Anders, I need to review my thermo books to be sure, but I think the answer
to that question is molecular hydrogen in the form of a cloud in
interstellar space.  It might depend on how you define stable matter.: the
answer might be atomic hydrogen.

I have been thinking about the original question of how to derive the
equation for inherent entropy production in moving mass.  I have a thought
experiment for you.

Imagine a rigid structure deep in the hard vacuum of interstellar space.  It
might help to visualize it if I give it some arbitrary dimensions: this
structure is a tube a light second in length with identical coil springs at
either end.  The springs have a ratchet mechanism which will hold the spring
compressed, and a trigger which will release the ratchet, allowing the
spring to decompress.  Now imagine the spring at the east end of the
structure compressed and locked, with a mass on the end.  The spring at the
west end of the tube is uncompressed.

Imagine pulling the release trigger, which accelerates the mass to a
micro-c, or about 300 meters per second.  I chose that speed because anyone
who has ever flown commercially can easily visualize that, since you have
been close to that speed.  OK so the spring decompresses and launches the
mass along the tube, so that a million seconds later, or about 12 days, when
the mass arrives at the west end of the tube, it collides with the west
spring and compresses that spring, which then locks at maximum compression.

Both before and after the 12 day flight, the tube is at rest with respect to
an external observer, and a spring is compressed before and after, and a
mass has been moved a light second, so one might argue there has been no
entropy production, but this is not exactly right, as will be shown.  

Consider the east spring.  At the point in time where the east spring
releases the mass, the mass is travelling at 300 meters per second, but
notice that the end of the east spring is also moving at 300 meters per
second, so two things can be said.  The east spring is now oscillating, a
form of energy storage.  This is completely unavoidable, no matter what you
do.  The third law is out to get us.  So the identical west spring cannot
compress as far as the east spring was to start with.  The energy lost will
be back at the oscillating first spring.  

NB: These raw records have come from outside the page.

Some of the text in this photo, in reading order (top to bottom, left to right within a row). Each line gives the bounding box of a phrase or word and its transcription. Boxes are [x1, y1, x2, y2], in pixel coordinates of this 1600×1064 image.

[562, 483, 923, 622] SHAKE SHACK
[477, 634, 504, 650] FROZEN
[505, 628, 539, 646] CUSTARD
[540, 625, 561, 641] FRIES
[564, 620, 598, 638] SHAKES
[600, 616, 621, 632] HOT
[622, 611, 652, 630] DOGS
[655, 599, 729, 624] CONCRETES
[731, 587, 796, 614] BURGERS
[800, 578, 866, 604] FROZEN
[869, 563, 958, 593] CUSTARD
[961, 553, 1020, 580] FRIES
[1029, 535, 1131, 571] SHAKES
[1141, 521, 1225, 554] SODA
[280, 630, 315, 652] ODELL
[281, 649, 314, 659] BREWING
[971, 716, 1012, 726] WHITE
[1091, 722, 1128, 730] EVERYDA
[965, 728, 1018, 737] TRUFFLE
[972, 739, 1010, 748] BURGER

Before the event you have one compressed spring and everything is still and
quiet.  After the event, you have moved the mass a light second and have one
oscillating spring.  You can launch the mass back to where it started, but
after that initial trigger release, you always have at least one oscillating
spring.  In general, the energy of oscillation in that spring cannot be
recovered.

In that particular thought experiment, you demonstrate that moving a mass
cannot be made perfectly reversible.  The third law is called a law for a
reason.  It isn't just a suggestion.  It means business.